GithubHelp home page GithubHelp logo

cs473's Introduction

Assignment 5: Deep Learning for Computer Vision

Homework assignment for the deep learning section of Computer Vision.

See also the tutorials on virtualenv and codespaces.

A link to the demo data I used in class, and some very short notes.

UPDATED: Code that we wrote in class, and code that supports passing a specs file. I'd suggest opening these in a browser so that you can easily scroll.

Overview

For this assignment, you will explore creating a deep neural network for classification of CIFAR-10. Deep convolutional neural networks (CNNs) are increasingly used for a variety of tasks, from biometric authentication to image-to-text recognition. Widespread interest has driven the creation of machine learning libraries that make creating new CNNs accessible, even with minimal coding experience. For this project we will use pytorch to design, train, and evaluate a CNN to perform a simple classification task on CIFAR-10.

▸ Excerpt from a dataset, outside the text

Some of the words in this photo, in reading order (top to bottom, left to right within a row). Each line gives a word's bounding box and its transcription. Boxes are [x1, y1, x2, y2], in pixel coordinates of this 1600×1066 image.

The CIFAR-10 dataset consists of 60,000 32x32 color images that cover 10 common classes: airplanes, automobiles, birds, cats, deer, dogs, frogs, horses, ships, and trucks. A snapshot of some images from the dataset is shown below.

Deliverable

For this assignment, you will train a performant CNN-based classifier on CIFAR-10 by performing a grid search over two variables that impact network performance. Some examples of variables you can play with are:

  • Learning Rate
  • Batch Size
  • Optimizer
  • Number of network layers
  • Number of convolutional kernals
  • Network structure (adding more dropout layers, adding batch normalization, etc.)
  • Data augmentation (cropping, standardization, etc.)

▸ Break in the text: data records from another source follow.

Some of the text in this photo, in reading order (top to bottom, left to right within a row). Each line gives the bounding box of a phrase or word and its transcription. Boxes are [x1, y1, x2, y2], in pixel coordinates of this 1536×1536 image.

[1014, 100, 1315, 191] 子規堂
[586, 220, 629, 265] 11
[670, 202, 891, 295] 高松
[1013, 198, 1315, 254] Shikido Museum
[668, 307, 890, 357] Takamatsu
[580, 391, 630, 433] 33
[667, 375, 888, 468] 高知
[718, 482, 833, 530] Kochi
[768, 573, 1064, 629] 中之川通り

Your submission should be a zip file that contains:

  1. [40%] Code for training and testing your network. Code can be distributed over multiple files or contained in a single file. The file(s) must be a python script, i.e. a something.py file. You can generate a python script from a Colab notebook by going to File > Download > Download .py.
  2. [10%] Your trained model file, named model.pt.
  3. [50%] A pdf or markdown (.md) report explaining the following:
    • How you split the data into train and validation sets.
    • Which variables you tested and what their impact on performance was.
    • A summary of your final network configuration and its accuracy on the validation set (best configuration of variables).
    • Instructions on how to load your model file.
    • Visualize a few model predictions that were correct, and a few that were incorrect. Does anything stand out about the incorrect predictions?
  4. If you trained your model locally (not using Colab), include a requirements.txt file with the packages you used for your virtual environment. I should be able to install this using pip install -r requirements.txt.

NOTES

Data Description

You'll be provided with a copy of the dataset in a single pkl file, uploaded to google drive. The dataset contains 48,000 images and 48,000 filenames. The image labels need to be extracted from the filenames. The filenames contain some metadata and the class that the image belongs to (the label). The metadata and label are separated by an underscore, i.e. the filenames are specified as:

f"{metadata}_{label}.png"

For example, an image named "Image00001 100_0.png" would have a class label of "0".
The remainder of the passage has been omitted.